◆ **Task goal**
Exclude the pictures and retype the entries as written.

◆ **The data**
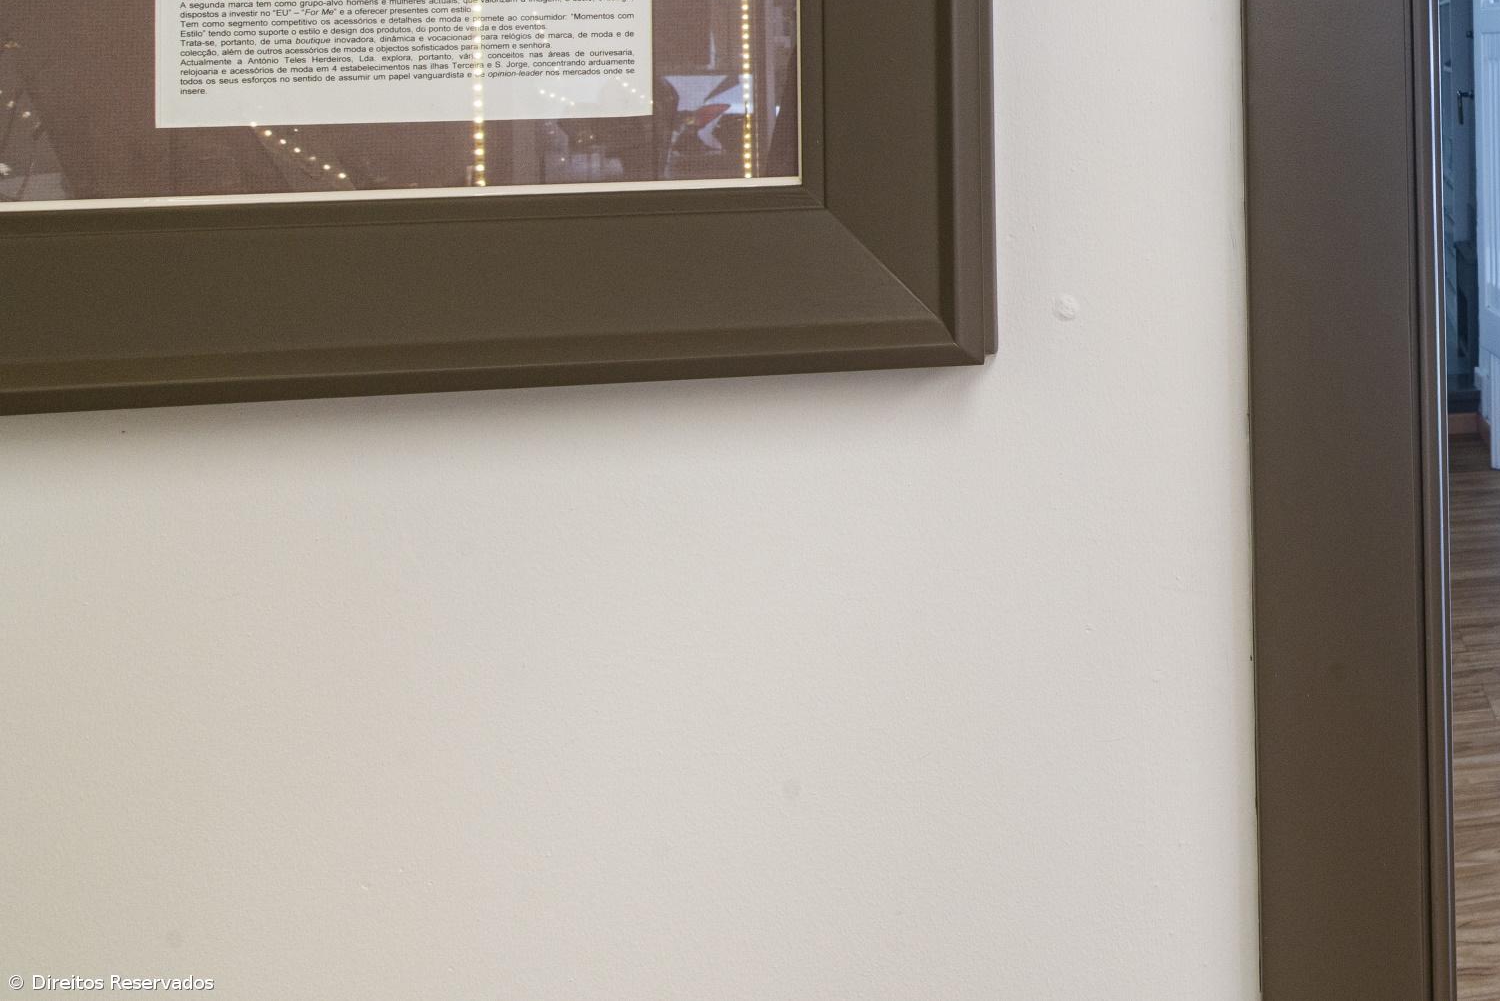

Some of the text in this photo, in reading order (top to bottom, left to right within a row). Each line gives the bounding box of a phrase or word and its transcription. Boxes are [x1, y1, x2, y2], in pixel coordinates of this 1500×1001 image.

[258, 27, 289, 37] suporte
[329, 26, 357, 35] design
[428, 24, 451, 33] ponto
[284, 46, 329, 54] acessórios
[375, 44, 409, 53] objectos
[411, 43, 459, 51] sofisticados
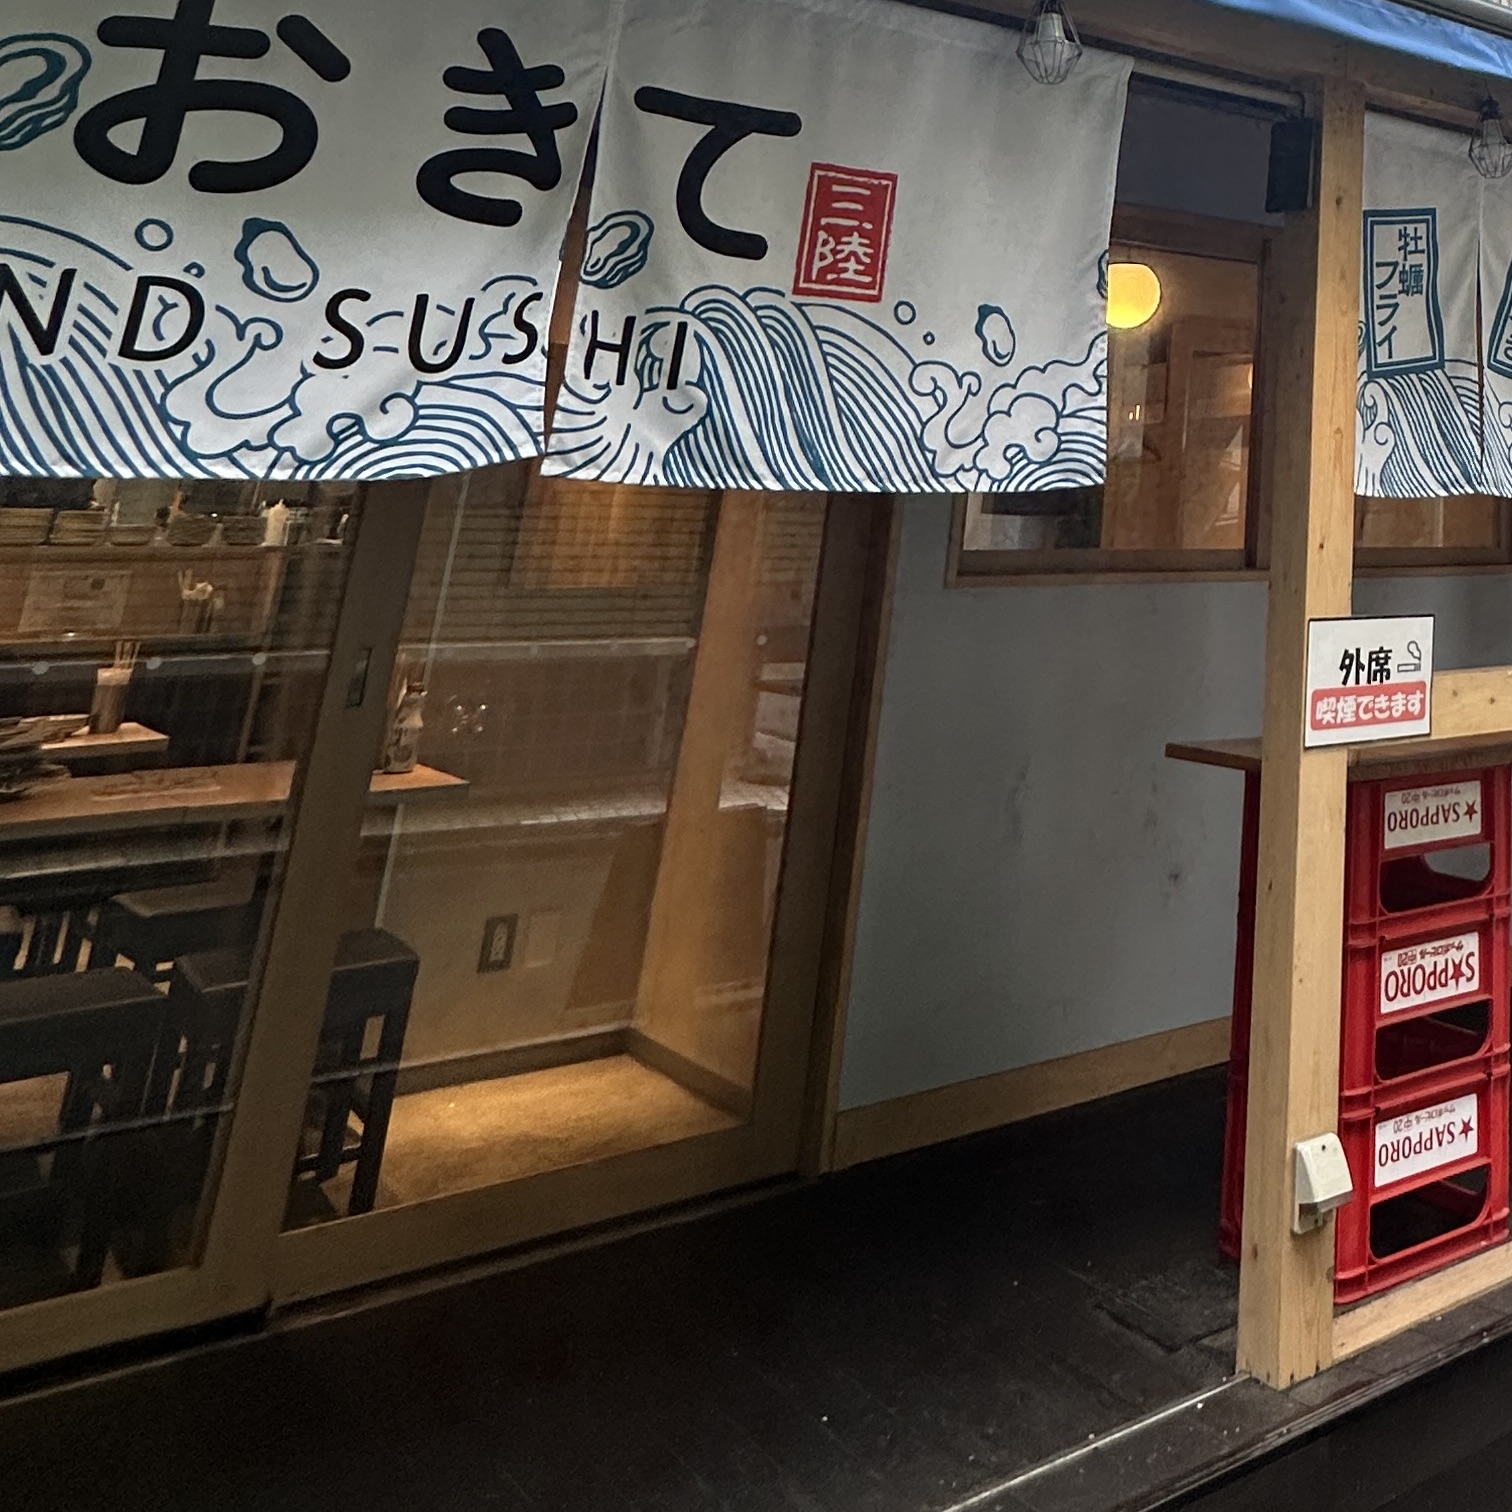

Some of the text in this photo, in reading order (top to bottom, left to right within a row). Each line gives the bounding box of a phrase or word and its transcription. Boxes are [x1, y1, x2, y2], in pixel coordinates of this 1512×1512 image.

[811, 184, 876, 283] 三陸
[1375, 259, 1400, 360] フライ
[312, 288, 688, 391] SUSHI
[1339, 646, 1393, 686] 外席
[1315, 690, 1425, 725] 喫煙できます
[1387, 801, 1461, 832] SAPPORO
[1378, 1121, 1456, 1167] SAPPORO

◆ **Response to the task**
Some of the text in this photo, in reading order (top to bottom, left to right within a row). Each line gives the bounding box of a phrase or word and its transcription. Boxes are [x1, y1, x2, y2], in pixel coordinates of this 1500×1001 image.

[258, 27, 289, 37] suporte
[329, 26, 357, 35] design
[428, 24, 451, 33] ponto
[284, 46, 329, 54] acessórios
[375, 44, 409, 53] objectos
[411, 43, 459, 51] sofisticados

Some of the text in this photo, in reading order (top to bottom, left to right within a row). Each line gives the bounding box of a phrase or word and its transcription. Boxes are [x1, y1, x2, y2], in pixel coordinates of this 1512×1512 image.

[811, 184, 876, 283] 三陸
[1375, 259, 1400, 360] フライ
[312, 288, 688, 391] SUSHI
[1339, 646, 1393, 686] 外席
[1315, 690, 1425, 725] 喫煙できます
[1387, 801, 1461, 832] SAPPORO
[1378, 1121, 1456, 1167] SAPPORO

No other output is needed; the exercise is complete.